Pupils in Stirling are taking part in a trial programme to see how salmon can become a delicious highlight of the school lunch menu.
About 18 months ago, my son texted me a picture from school of salmon fillets among the choices on offer for lunch.
At first I was delighted, but then I looked at the picture. There were a load of fillets that had been cooked badly (they were dry and looked over-cooked) and dumped unceremoniously in an aluminium bucket to be served up at lunchtime, almost certainly with chips and nothing else.
I asked my son how he and his friends had responded to the salmon on offer.
“Everyone ignored it, it didn’t look very appetising,” he said.
He was right, it didn’t. It was so depressing that such an opportunity had been missed. The caterers had the chance to introduce a new generation to healthy, nutritious, locally sourced food, food which would boost their brain power, give them important vitamins (including vitamin D, vital in a place like Scotland) and the benefits of omega 3 oils. They had blown it by being unimaginative and lazy.
But what if we could do it better? What if we could provide all those benefits but do it by engaging the pupils with interesting recipes, attractive meals and the right information?
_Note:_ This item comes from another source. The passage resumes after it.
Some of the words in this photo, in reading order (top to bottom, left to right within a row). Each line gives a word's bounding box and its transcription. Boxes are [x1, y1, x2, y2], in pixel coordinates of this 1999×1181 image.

And what if we could prove, at the same time, that providing locally sourced, nutritious protein was not prohibitive in terms of cost?
Just as my son and his friends were shunning the salmon on offer at their school, a Salmon Scotland project was gathering pace which – we hoped – would answer all those questions and more.
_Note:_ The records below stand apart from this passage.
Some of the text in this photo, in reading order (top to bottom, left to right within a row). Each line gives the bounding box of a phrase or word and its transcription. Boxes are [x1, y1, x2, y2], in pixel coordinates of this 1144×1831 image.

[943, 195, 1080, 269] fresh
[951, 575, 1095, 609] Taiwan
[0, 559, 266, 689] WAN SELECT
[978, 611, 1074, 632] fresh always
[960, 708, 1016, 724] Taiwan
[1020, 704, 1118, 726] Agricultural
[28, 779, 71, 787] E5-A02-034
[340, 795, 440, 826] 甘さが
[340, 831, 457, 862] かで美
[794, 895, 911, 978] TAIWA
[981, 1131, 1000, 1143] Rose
It finally became real on a quiet, chilly morning in March this year when the first load of 20kg of Scottish salmon fillets was delivered by Scottish Sea Farms to the Raploch Community Campus in Stirling.
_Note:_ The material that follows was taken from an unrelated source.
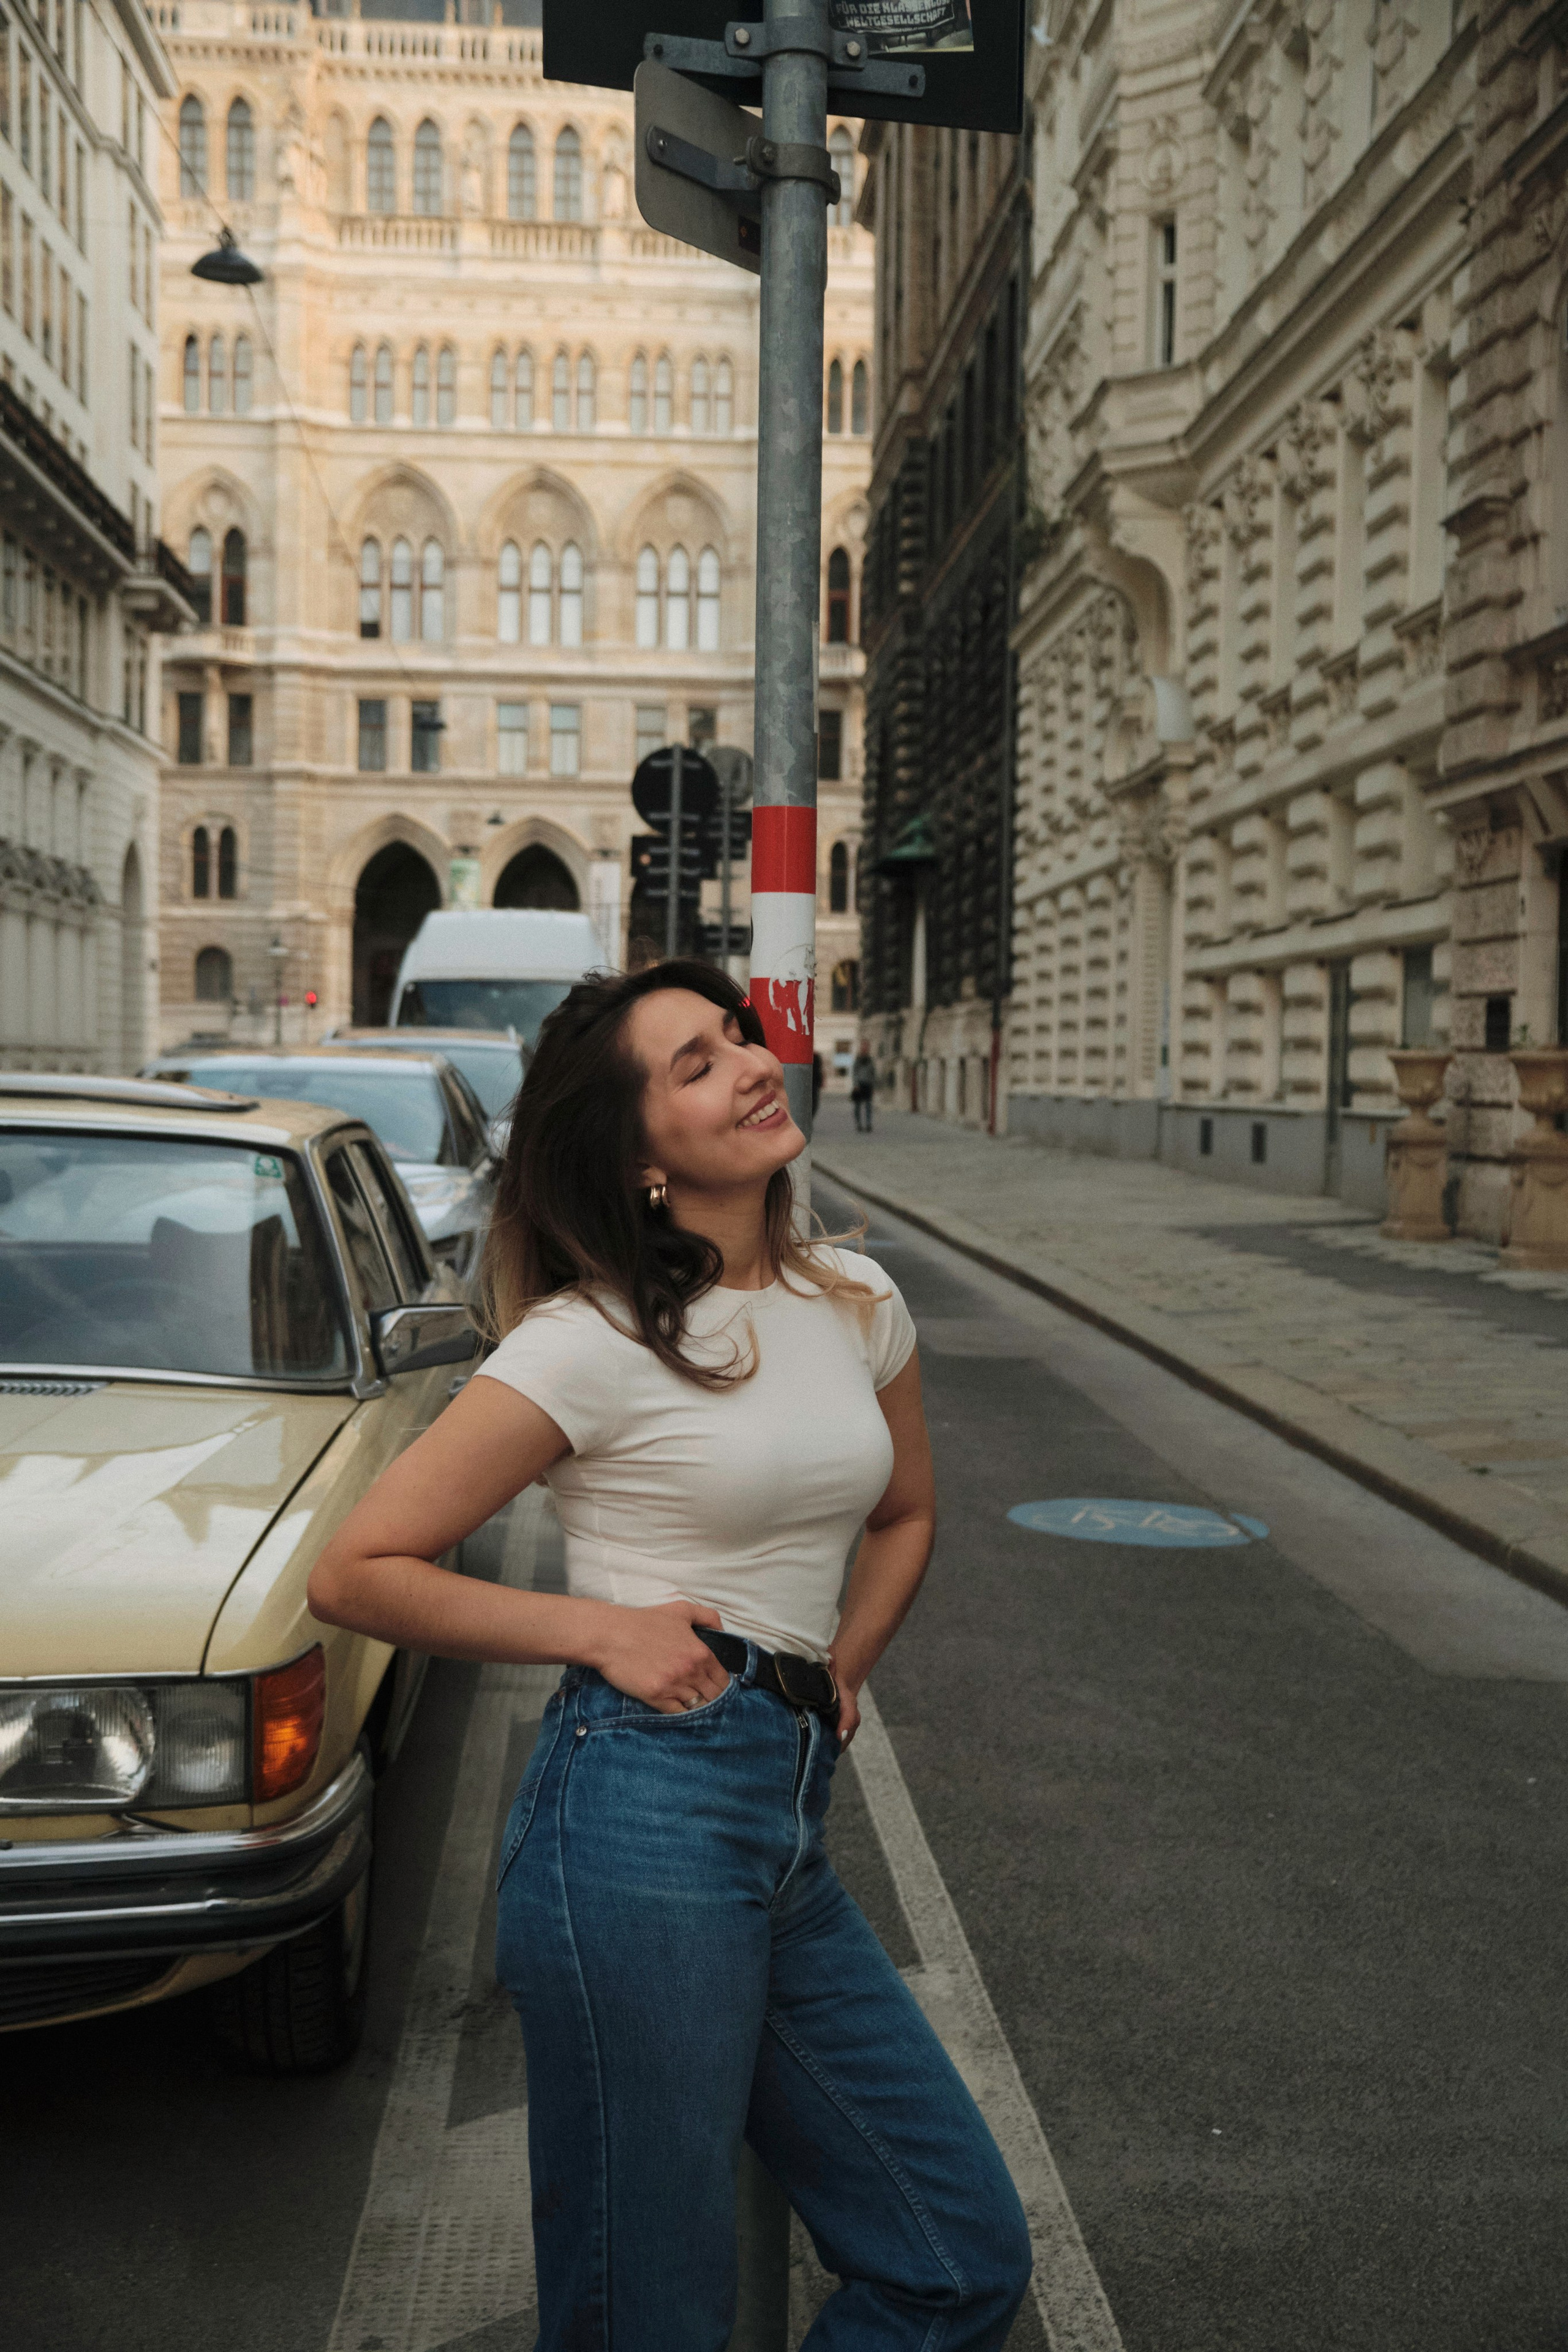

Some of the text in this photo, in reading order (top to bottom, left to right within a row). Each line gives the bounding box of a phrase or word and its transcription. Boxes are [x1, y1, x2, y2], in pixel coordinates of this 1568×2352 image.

That was the start of a 12-week experiment, straddling the Easter break, which is providing pupils in six of the seven secondary schools in the Stirling Council with the chance to choose a salmon dish, once a week for lunch (the seventh school is being used as a control sample with the school getting the nutritional information about salmon but not the fish).
But, crucially, the salmon is not just being over-baked and dumped in an aluminium dish to be ignored by the pupils.
The caterers at Stirling have come up with 21 imaginative recipes – each of which not only conforms to strict national school guidelines, but is also inventive and attractive.
These are just some of the dishes the pupils in Stirling are being offered over the next few weeks: lime and ginger salmon with noodles, Moroccan-spiced salmon and rice, Oriental salmon with Asian slaw and salmon rosti.
Then there are the more traditionally child-friendly options like breaded salmon goujon baguettes, salmon wraps and cold salmon pasta.
Home economics classes are running a video, telling the pupils about salmon and giving them basic nutritional details while all parents have already received information about the project in an email leaflet, sent out over the holidays.
One of the most important parts of the project is a detailed survey which is being conducted to find out what the pupils knew about salmon and seafood before the trial, what they learn over the course of it and how they respond, both to the food and the information provided with it.
About 1,000 students have signed up, making it the biggest such survey of its type conducted in Scotland. We won’t know the full results until some time after the project is completed but it is already clear that there is a lot to be learned from it.
Everyone knows there are considerable health benefits from eating oily fish once a week. What we didn’t know was how to make this happen. By the end of this trial, that should be much, much clearer.
Early indications suggest that uptake of healthy oily fish is much lower in more deprived areas and that children from poorer backgrounds are much more likely to miss out on the health benefits of eating seafood.
The Scottish Government, which wants to drive the take-up of more locally sourced, healthy food, will be very keen on the full end results but so will other branches of the public sector.
So the next step should be to roll out this project to schools all over Scotland and there is no reason why it should stop at schools, why not involve hospitals, care homes and prisons too?
It has been something of a long and hesitant road getting to this point. The Stirling project was due to be rolled out two years ago but the Covid restrictions, which closed school dining halls and kept students at home, forced its postponement several times.
Even at the start of this year, when we decided to launch, as planned, in March, we didn’t know whether the restrictions would be brought back scuppering our project yet again.
But it is not only under way now, it is providing us with a wealth of information and data which we can use to help ensure this is not just a pilot project, but it is the start of something far bigger.
The benefits of regular salmon consumption has been known for some time. What the Stirling project will do is assess take-up, response, feasibility and cost in a public sector context.
Indeed, what started as an idea raised during a single telephone call has morphed into something real, positive and genuinely inspiring. It is crucial, though, that when this project finishes next month, it has to be the start of something bigger.
Everyone wants to see locally sourced, healthy nutritious seafood available to the widest group possible. We are currently showing this can be done, albeit in one small project. The challenge now is to make sure the Stirling Salmon in Schools trial is a beacon, guiding the way for others to follow. If we seize this opportunity, the long-term benefits, for the entire country, really could be significant.